Last May I wrote about how I got a job. I did not, however, say what the job was. It was with a company called LifeEdited, which, despite its literary name, involves little writing outside of countless emails and occasional copy-writing. We are constructing a new breed of American home, meant to breed a new way of American life. The first apartments are designed to test the idea that people can have everything they need from a home with a far smaller spatial and ecological footprint. The first unit, a 420 sq ft Soho apartment dubbed LE1, is extremely energy efficient, will have great indoor air quality, will be able to accommodate sit down dinners for 12 and sleep 4.
I don’t want to say I BS’d my way into the job, but I confess that when I pitched myself, I speculated, rather than pointed to, my abilities. They needed a Project Manager. I figured I had done stuff before, I had opened Excel spreadsheets, I wrote lists. How hard could it be?
It was a lot harder than I had anticipated.
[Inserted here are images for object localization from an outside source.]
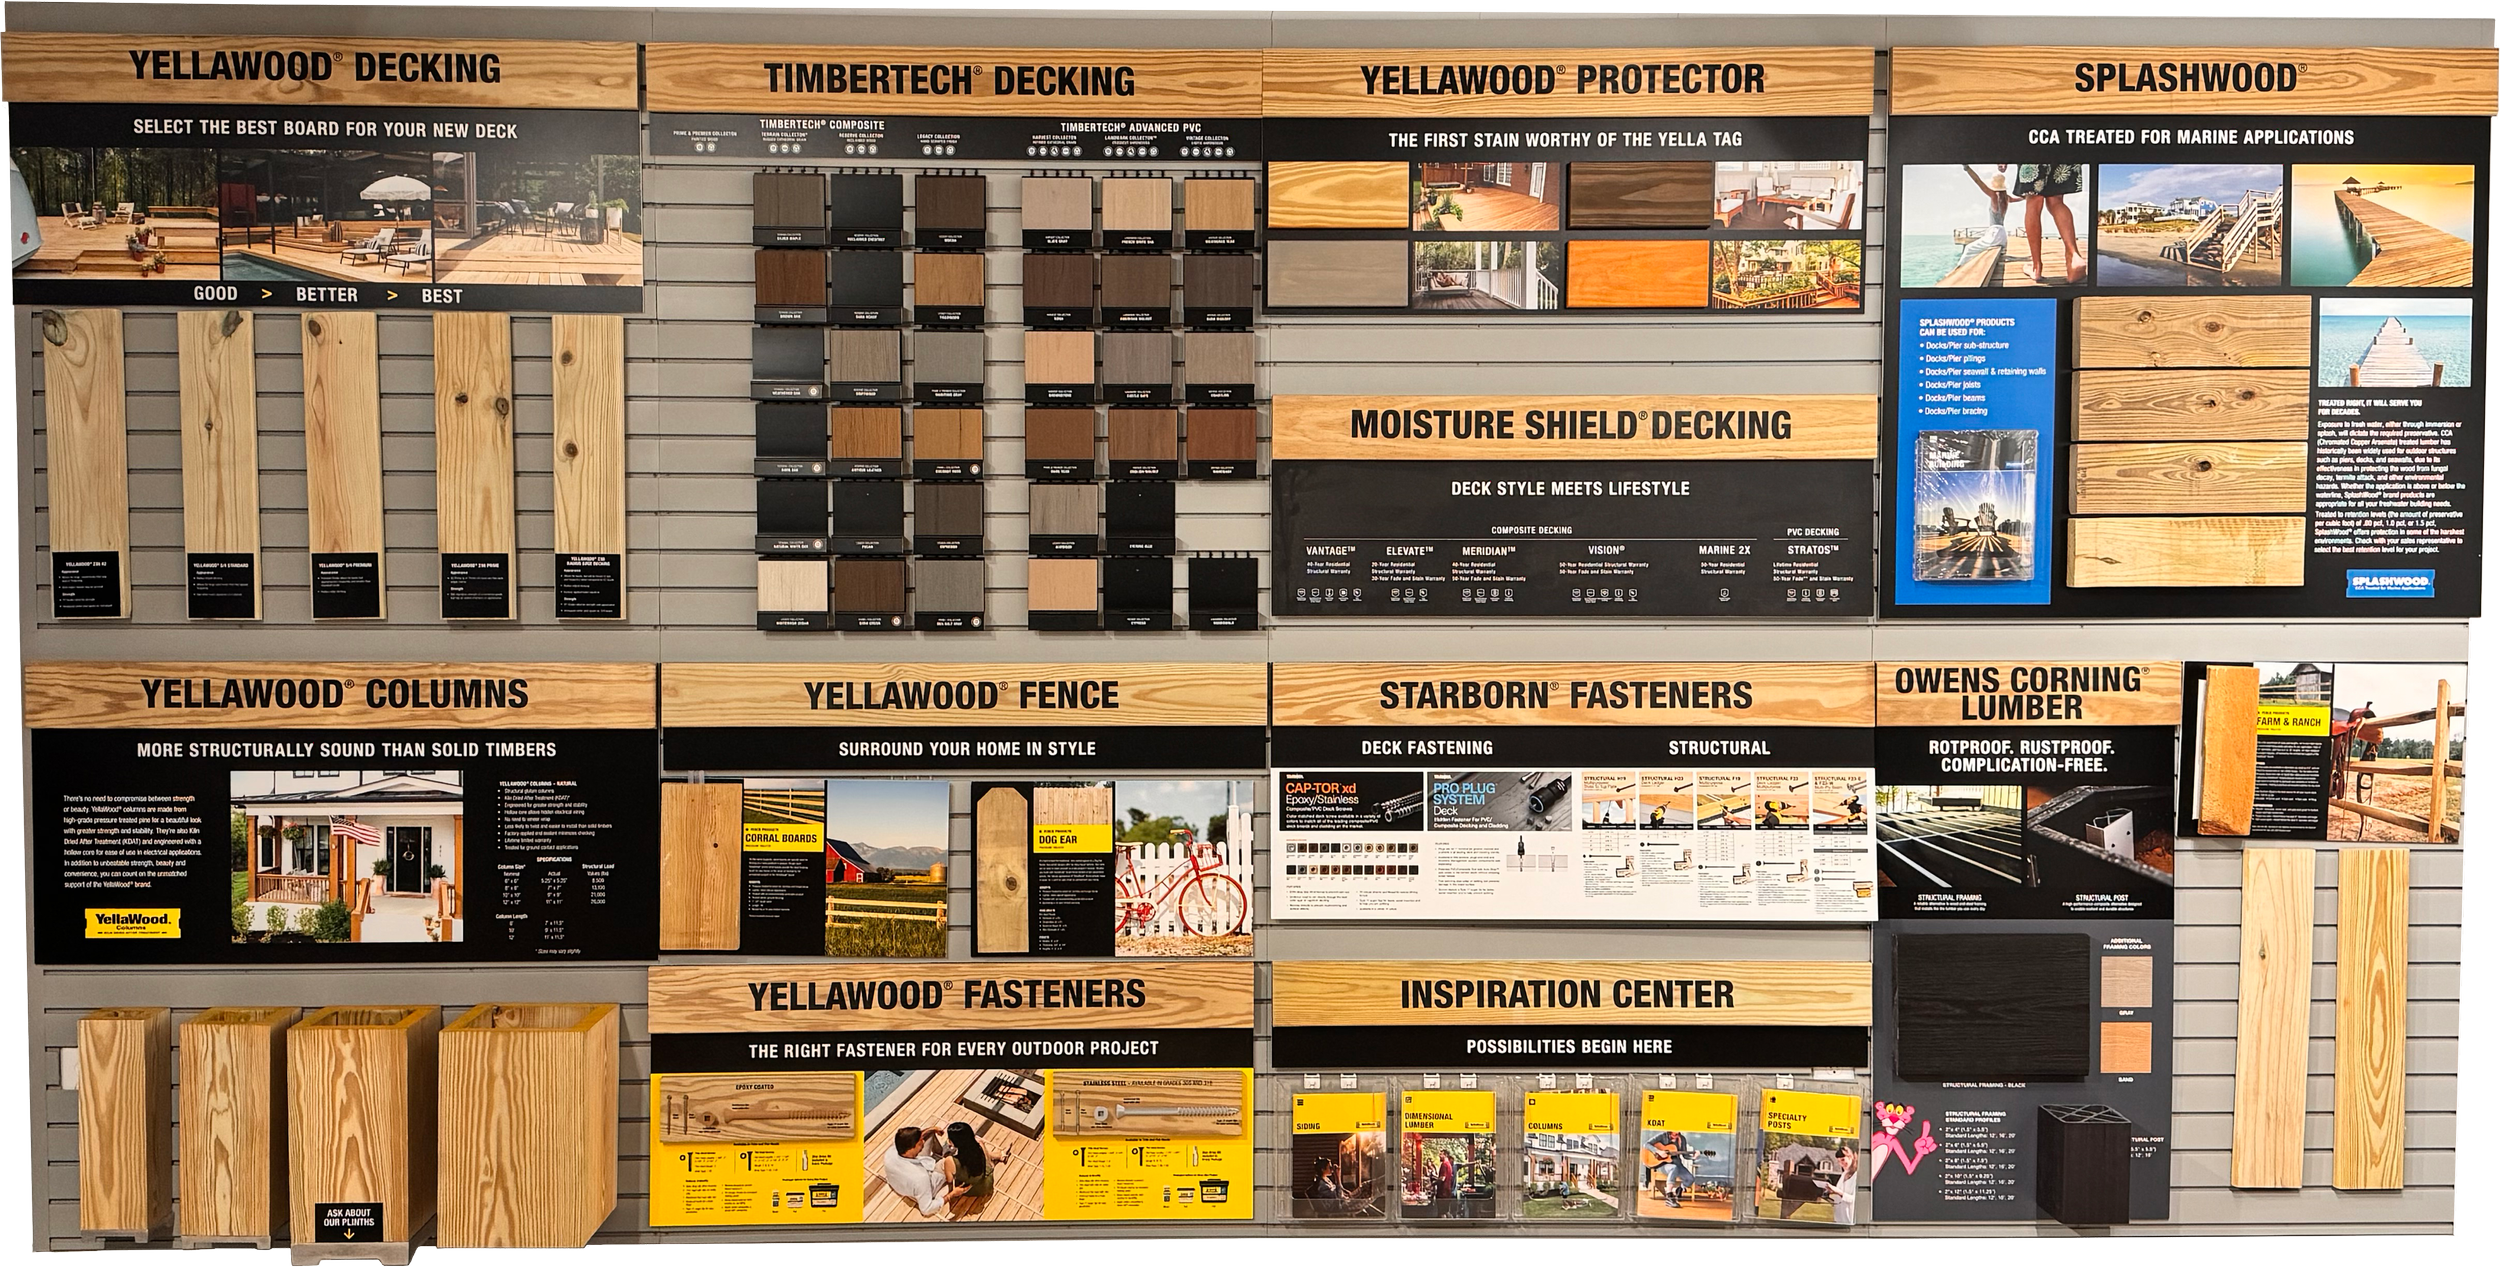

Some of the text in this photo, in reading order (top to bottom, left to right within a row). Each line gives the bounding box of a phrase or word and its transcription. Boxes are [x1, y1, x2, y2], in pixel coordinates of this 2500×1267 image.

[355, 52, 500, 83] DECKING
[994, 66, 1134, 96] DECKING
[1578, 63, 1764, 94] PROTECTOR
[133, 119, 518, 139] SELECT THE BEST BOARD FOR YOUR NEW DECK
[829, 120, 885, 130] COMPOSITE
[1129, 123, 1179, 132] ADVANCED
[1183, 123, 1201, 133] PVC
[1388, 131, 1742, 148] THE FIRST STAIN WORTHY OF THE YELLA TAG
[2028, 129, 2354, 145] CCA TREATED FOR MARINE APPLICATIONS
[194, 285, 238, 301] GOOD
[296, 287, 358, 302] BETTER
[422, 288, 463, 304] BEST
[1962, 380, 1981, 391] joists
[1962, 407, 1988, 417] bracing
[1352, 410, 1514, 439] MOISTURE
[1652, 410, 1791, 440] DECKING
[1452, 481, 1690, 496] DECK STYLE MEETS LIFESTYLE
[1738, 545, 1751, 555] 2X
[1896, 667, 1999, 693] OWENS
[366, 679, 528, 708] COLUMNS
[1020, 680, 1119, 709] FENCE
[1571, 681, 1752, 709] FASTENERS
[1962, 694, 2082, 720] LUMBER
[2257, 717, 2281, 726] FARM
[137, 742, 556, 757] MORE STRUCTURALLY SOUND THAN SOLID TIMBERS
[839, 741, 1096, 756] SURROUND YOUR HOME IN STYLE
[1362, 740, 1493, 755] DECK FASTENING
[1669, 740, 1771, 755] STRUCTURAL
[1929, 740, 2115, 755] ROTPROOF. RUSTPROOF.
[1941, 757, 2108, 772] COMPLICATION-FREE.
[1433, 782, 1460, 794] PRO
[1286, 794, 1359, 806] Epoxy/Stainless
[1433, 794, 1486, 805] SYSTEM
[1433, 805, 1459, 816] Deck
[965, 979, 1145, 1009] FASTENERS
[1402, 980, 1734, 1008] INSPIRATION CENTER
[748, 1040, 1159, 1059] THE RIGHT FASTENER FOR EVERY OUTDOOR PROJECT
[1467, 1039, 1672, 1054] POSSIBILITIES BEGIN HERE
[1768, 1111, 1807, 1122] SPECIALTY
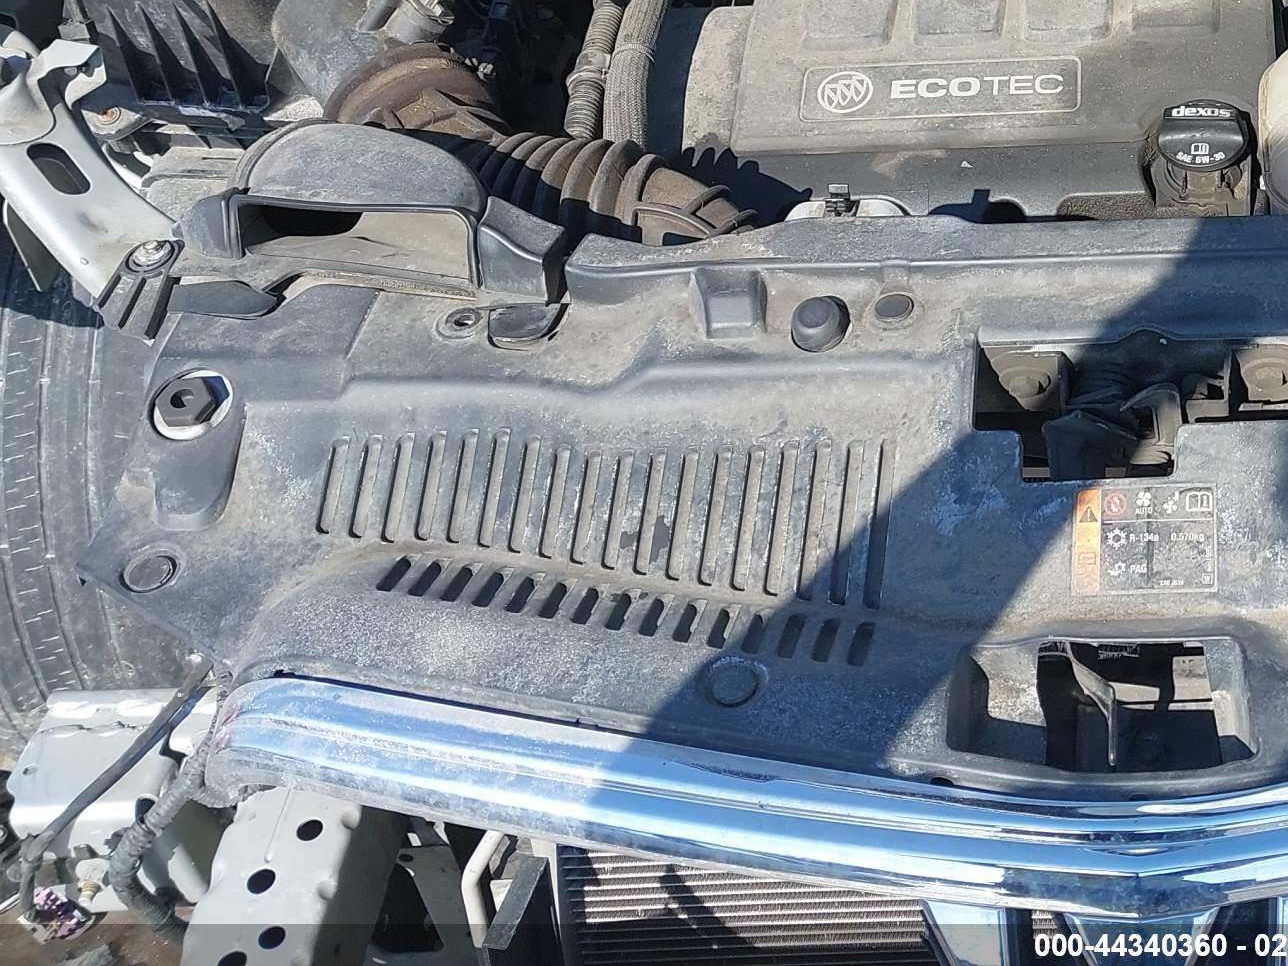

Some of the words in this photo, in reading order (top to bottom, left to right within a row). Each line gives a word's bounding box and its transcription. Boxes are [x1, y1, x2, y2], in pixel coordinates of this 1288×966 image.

[890, 75, 1064, 100] ECOTEC
[1171, 106, 1233, 118] dexos
[1176, 152, 1192, 163] SAE
[1135, 507, 1153, 515] AUTO
[1130, 533, 1159, 542] R-134a
[1130, 564, 1148, 574] PAG
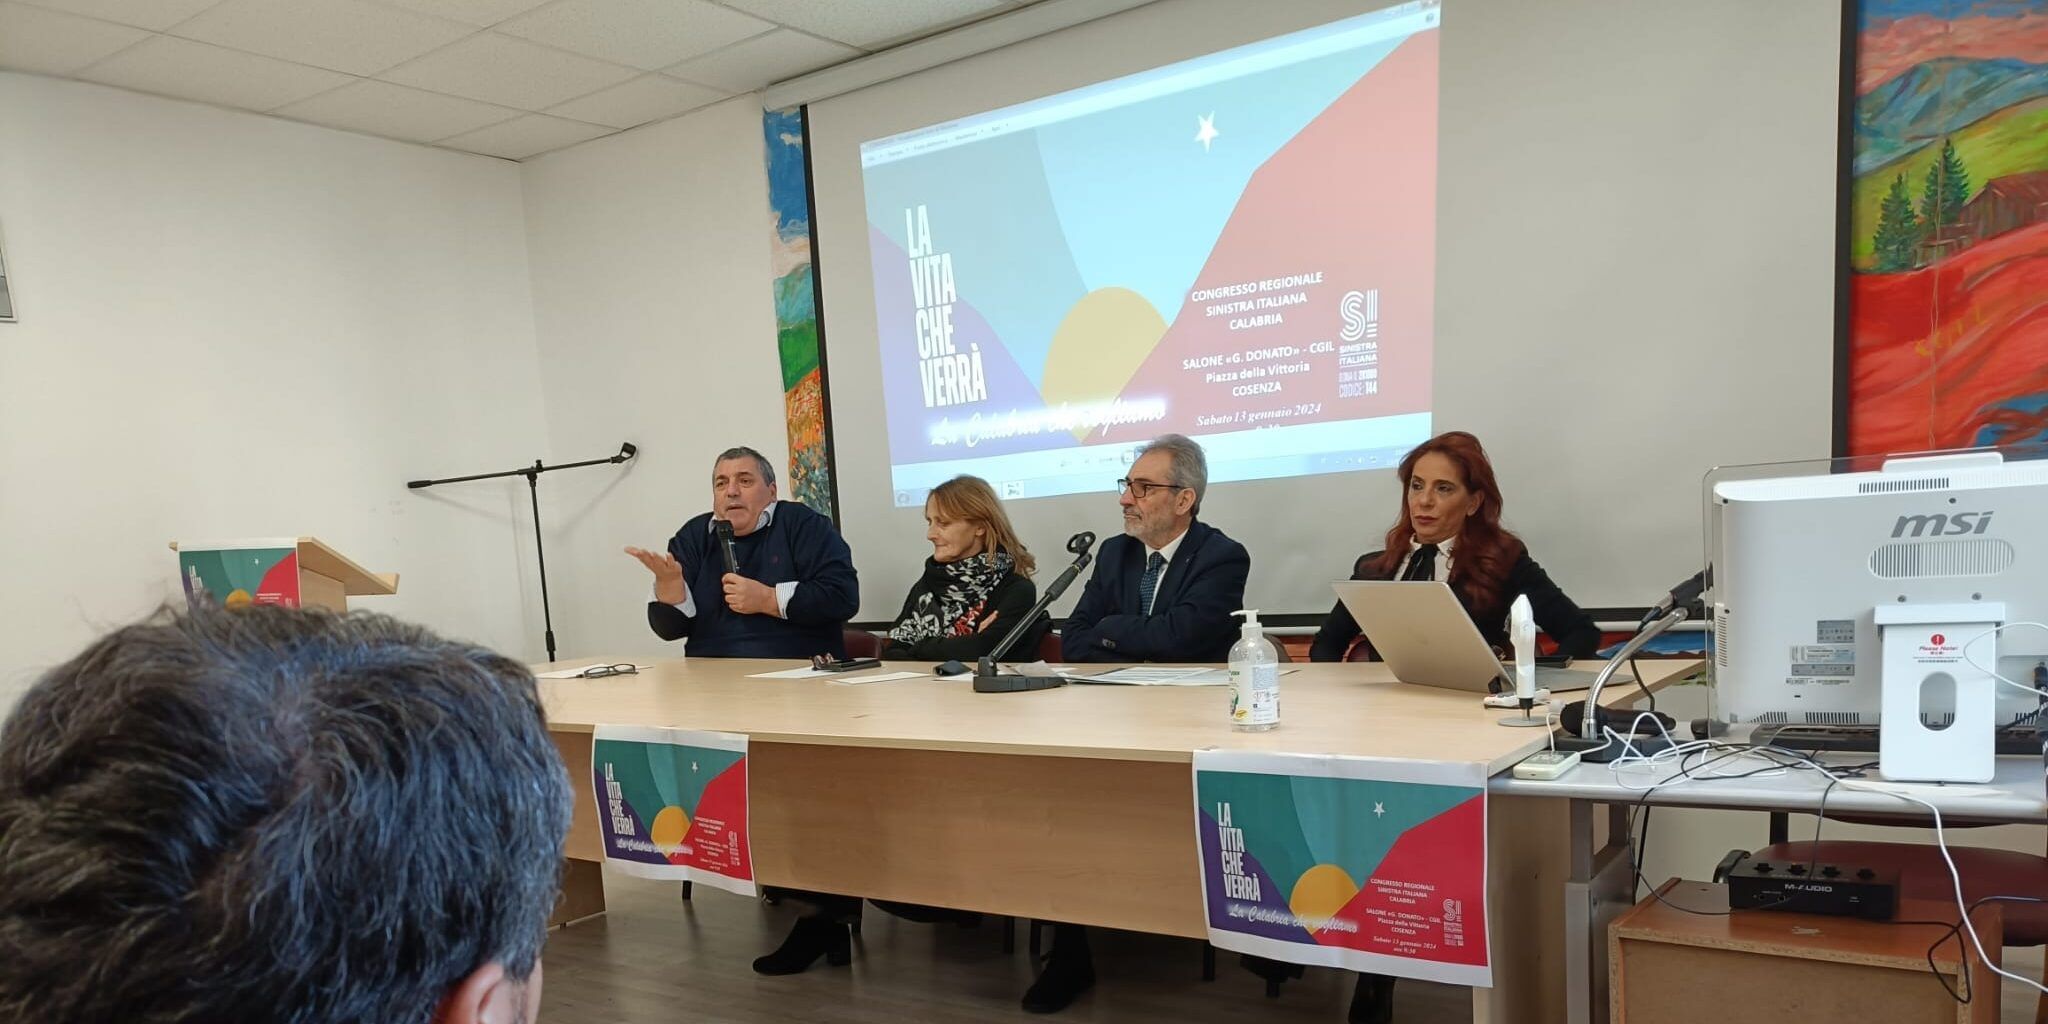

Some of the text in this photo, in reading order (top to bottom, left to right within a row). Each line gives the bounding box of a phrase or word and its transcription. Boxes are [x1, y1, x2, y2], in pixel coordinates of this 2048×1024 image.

Turns out people go to school and get degrees for project management. Compounding this difficulty was my near complete oblivion of the design, architecture and construction industries.
My lack of skills weren’t my only problem. I knew I couldn’t do something I wasn’t aligned with philosophically. I was an under-qualified, idealist snob.
But I was undeterred by my handicaps. I needed a job pretty bad. I was getting married, running out of money and pretty done with the getting-by way of life I had been living.
And here was a job that had it all. It involved skills I believed I could possess in less than 6 months. It had a mission that brought all my literary aspirations–brevity, intelligence, purpose–into the design and architectural realms. It paid.
There was also an unanticipated benefit: it signaled a shift in my life from being an ideas-based person into a results-based one. I had always been able to construct ideas, but results–things you could touch or point to–were conspicuously absent.
I love ideas, theories and philosophies. Today, my ability to think surely exceeds my ability to make shit happen. But I now realize that tangible results are important–mostly because it’s where ideas, theories and philosophies are tested. Untested ideas, theories and philosophies are like trying to live in a blueprint rather than a home. A blueprint can look great, but unless it can be built, it’s useless (and yes, I know people don’t use blueprints nowadays).
9 months after starting LifeEdited, we are about to complete our first apartment. I’m really excited. To be a part of it, to convert an idea into a home, to make errors, to correct, to edit, to construct, has been an amazing experience, one that enriches and beefs up my thought life.
With these thoughts in mind, here are some things to consider:
- Where in your life do you linger too long in abstraction? Perhaps it relates to dating, your work, a spiritual/religious conviction, etc.
- Where are you avoiding testing your theory? In other words, where are you avoiding taking action surrounding your theory–e.g. actually dating, taking action to save the environment, being kind/sacrificing, etc.
- Start building. Take one action right now to test your idea, theory or philosophy.